“I think the fundamental issue is this: We have a separate category for women because without it, no women would even make the Olympic Games (with the exception of equestrian). Most of the women’s world records, even doped, lie outside the top 5,000 times run by men. Radcliffe’s marathon WR, for instance, is beaten by between 250 and 300 men per year. Without a women’s category, elite sport would be exclusively male.
That premise hopefully agreed, we then see that the presence of the Y-chromosome is THE single greatest genetic ‘advantage’ a person can have. That doesn’t mean that all men outperform all women, but it means that for elite sport discussion, that Y-chromosome, and specifically the SRY gene on it, which directs the formation of testes and the production of Testosterone, is a key criteria on which to separate people into categories.
Now, for various biological reasons, and I’ll follow the post above up with another on the specific science of this issue, sometimes that testosterone doesn’t quite ‘do its job,’ and that is when we find ourselves dealing with an athlete like Semenya.
She is NOT a man. And it is enormously disrespectful to call her ‘it,’ or ‘he.’ Nor should any of your wrath or frustration be directed towards her. She’s running per the rules that were changed by CAS, and it is they who should shoulder the responsibility for the mess that is the women’s 800m.
So going back to the premise that women’s sport is the PROTECTED category, and that this protection must exist because of the insurmountable and powerful effects of testosterone, my opinion on this is that it is fair and correct to set an upper limit for that testosterone, which is what the sport had before CAS did away with it …
One final point – there is a position here, made by a good few people who I really respect, which holds that Semenya and others did not choose this, they have not cheated, and it would be inhumane/unethical and violation of human rights to force upon someone a medical intervention that is not for health reasons, and to prevent them from participating in sport if they don’t.
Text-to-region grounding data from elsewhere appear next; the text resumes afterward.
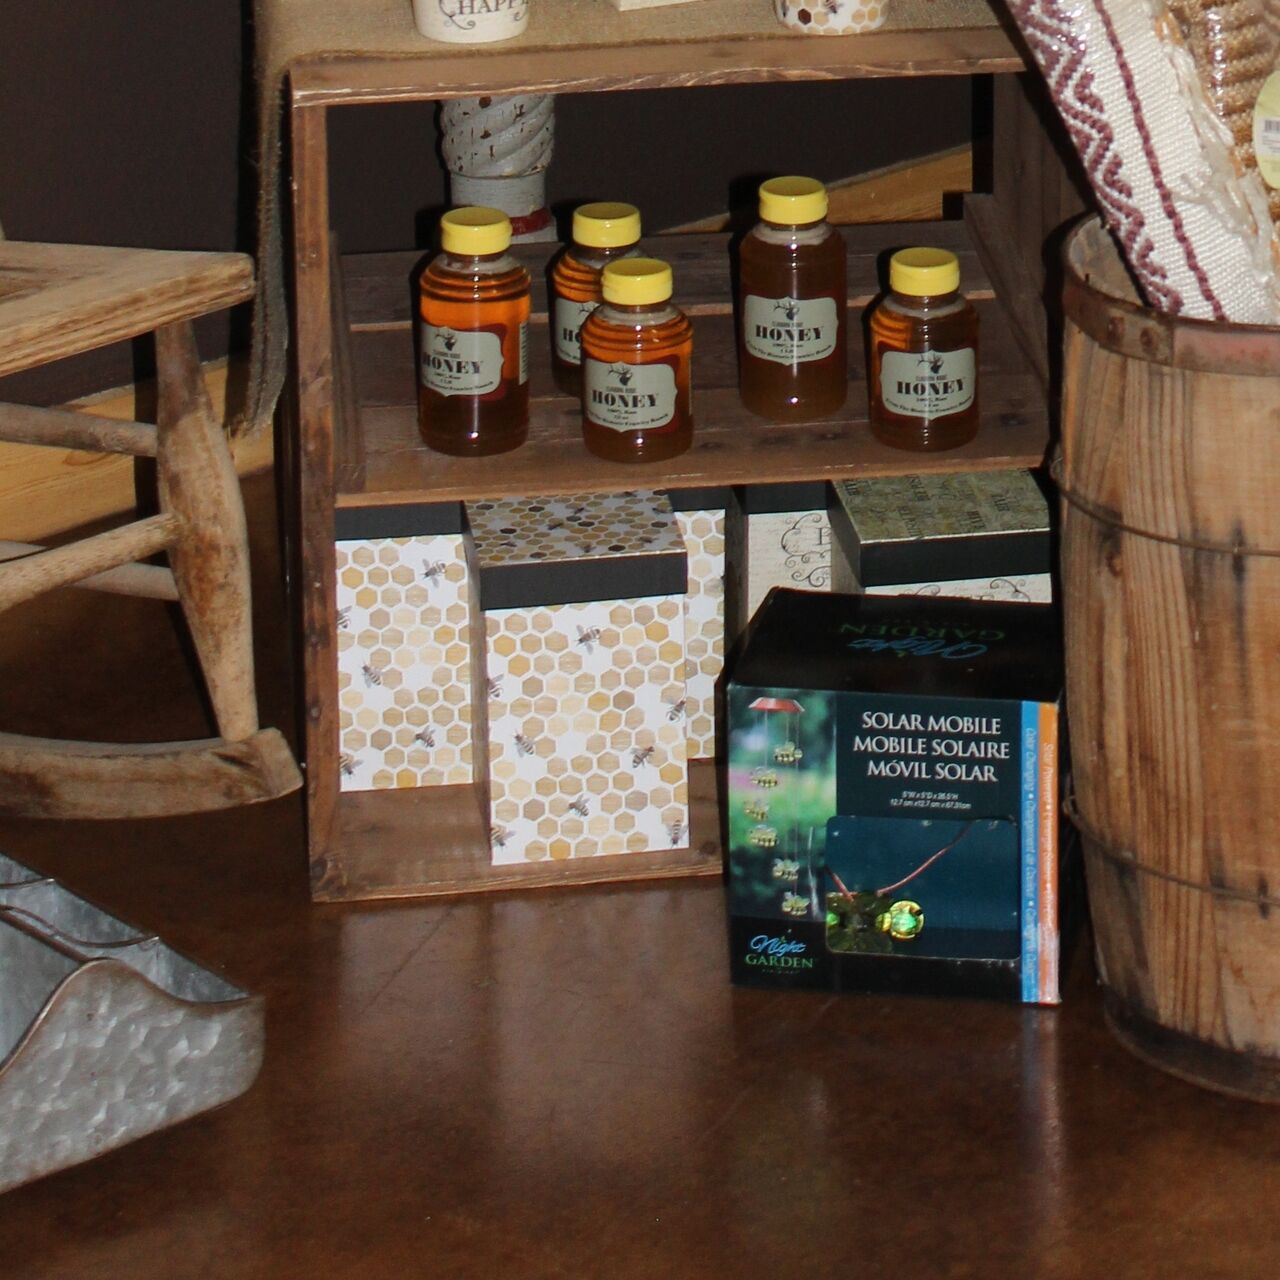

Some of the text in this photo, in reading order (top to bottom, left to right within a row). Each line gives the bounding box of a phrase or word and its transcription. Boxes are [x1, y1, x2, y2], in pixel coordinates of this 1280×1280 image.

[756, 324, 825, 342] HONEY
[897, 378, 976, 396] HONEY
[592, 389, 660, 408] HONEY
[862, 711, 1001, 735] SOLAR MOBILE
[853, 735, 1010, 760] MOBILE SOLAIRE
[867, 758, 999, 783] MÓVIL SOLAR
[751, 935, 807, 957] Night
[745, 953, 814, 969] GARDEN
That’s an argument I don’t agree with, but I can see that people may hold, and are entitled to. It’s not wrong, and it is possible to have two disagreeing positions without being wrong on either. What is wrong is to compare Semenya’s advantage to Bolt’s, or Phelps’, because their genetic ‘luck’ doesn’t put them into a different category, and also, Semenya’s ‘advantage’ is actually a ‘disadvantage’ to competing, as I said.
Final point, Semenya will run the 400 and 800 in Rio, and she will win both. It will cause a Sh!Tstorm of note, and I’m South African, so that will be a lot of fun (said nobody ever) and arguments.”